Lowering Ceiling Price Of Chicken May Not Have Desired Effect Says Economist
The government announced on Monday that the ceiling price of standard chicken would be reduced by 20 sen to RM8.90 per kg from Feb 5 to June 5.PETALING JAYA: The government’s move to lower the ceiling price of standard chicken may not have its intended effect, an economist has argued.
Malaysia is undergoing a shortage of its most popular protein source due to various factors, and Prime Minister Ismail Sabri Yaakob announced on Monday that the ceiling price of standard chicken would be reduced by 20 sen to RM8.90 per kg from Feb 5 to June 5.
The government is also allowing approved permit (AP) holders to import whole chicken, having previously limited this to only chicken parts. Also, hypermarkets will now be given chicken import APs.
Center for Market Education (CME) CEO Carmelo Ferlito told FMT he believed the measures would not rebalance supply and demand in the industry.
Carmelo Ferlito.“There will be demand, but at that price, foreign producers may not be willing to sell to us,” he said.
“This will keep discouraging more supply and therefore plant the seed for more inflationary pressures once the ceiling is removed.”
He said the government should have increased the number of licences without reducing the ceiling price. “Now it risks getting the opposite effect of what it wants.”
Ferlito has been helping international manufacturers of poultry equipment to establish projects with farm equipment and hatcheries across Asia for the past 13 years.

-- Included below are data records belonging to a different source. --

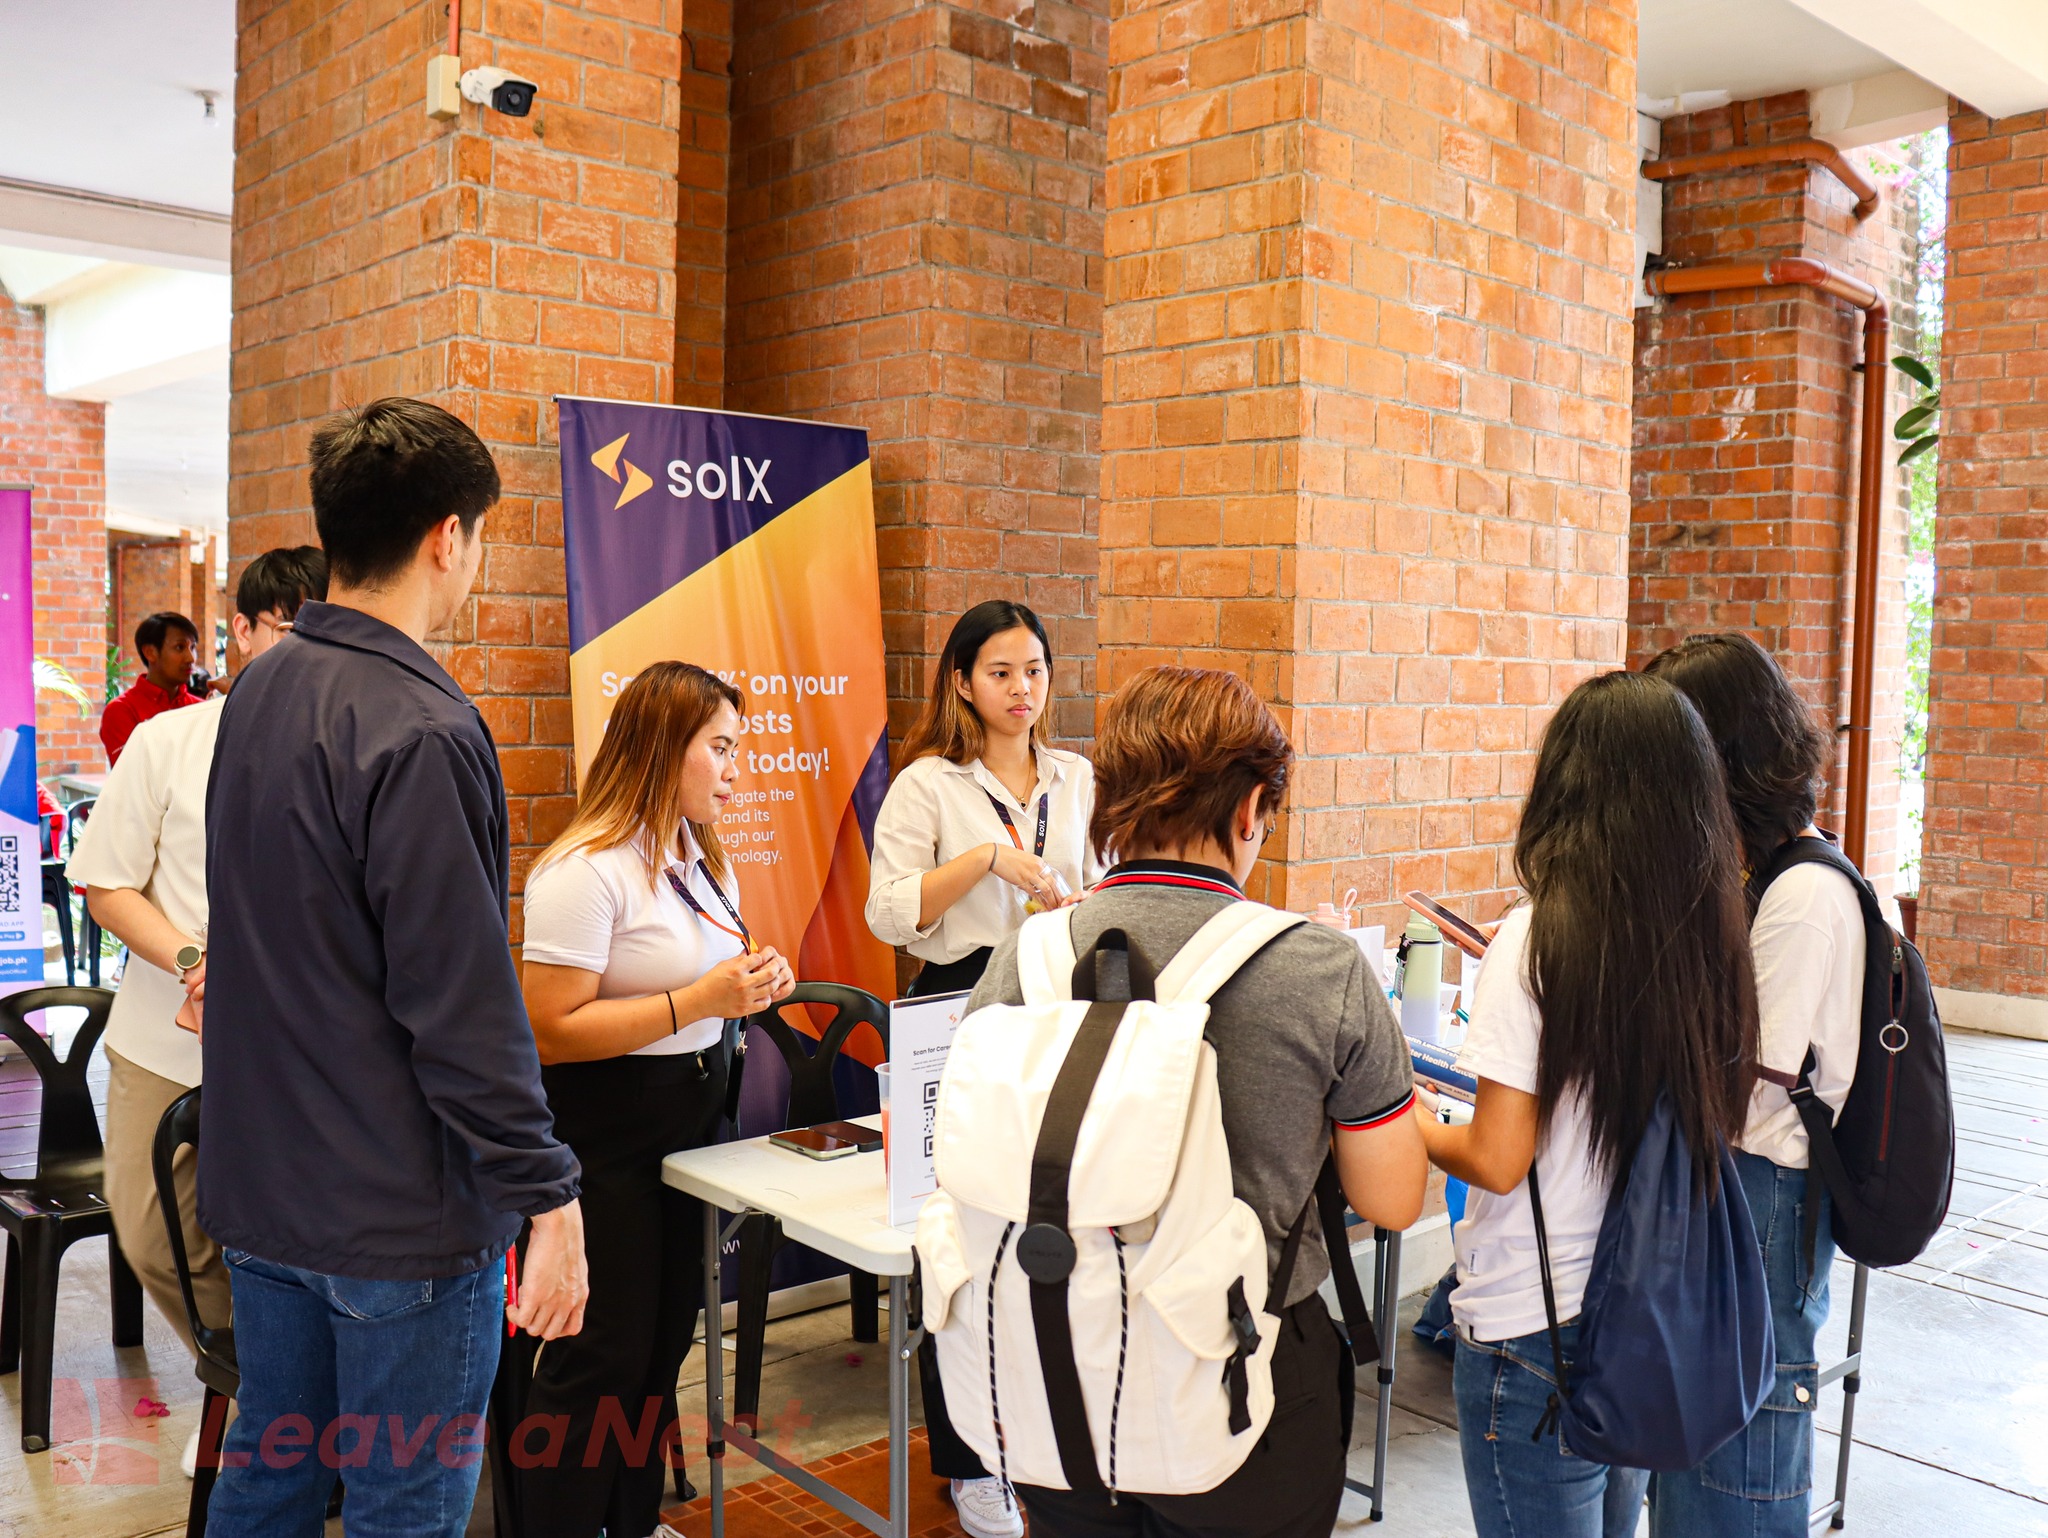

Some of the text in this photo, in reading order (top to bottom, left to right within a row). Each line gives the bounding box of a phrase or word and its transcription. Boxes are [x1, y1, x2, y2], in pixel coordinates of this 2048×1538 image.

[667, 455, 774, 505] solX
[751, 673, 787, 696] on
[792, 675, 849, 703] your
[747, 747, 830, 779] today!
[727, 788, 795, 808] igate the
[722, 808, 770, 825] and its
[752, 830, 775, 842] our
[1422, 1053, 1449, 1070] Health

Apart from a rise in the cost of production – such as chicken feed – during the pandemic, the weakening of the ringgit and the hike in shipping fees have also cut into producers’ profit margins.
Producers have also faced a shortage of foreign workers and supply chain disruptions during the pandemic, both of which have resulted in hikes in the retail price of chickens.
Such issues have caused similar shortages across the globe, with the United States seeing a surge in chicken prices of more than 25% and customers in Australia and Taiwan having to queue for eggs.
A poultry farmer who declined to be named pointed out that the global increase in logistics costs has prevented cheap imports.
He added that the high price of palm oil, which is used in chicken feed, had also resulted in an increase in chicken prices.
“Many poultry farmers across the nation are inactive because they are losing money due to the ceiling prices which have been set while their costs are high,” he said. “So the government’s move won’t necessarily increase supply.”
“The most important thing the government must realise is there is global inflation. Just let the market determine the price.
“If the government wants to set a ceiling price, it has to be reasonable. It can’t be to the point that poultry farmers lose money and go out of business.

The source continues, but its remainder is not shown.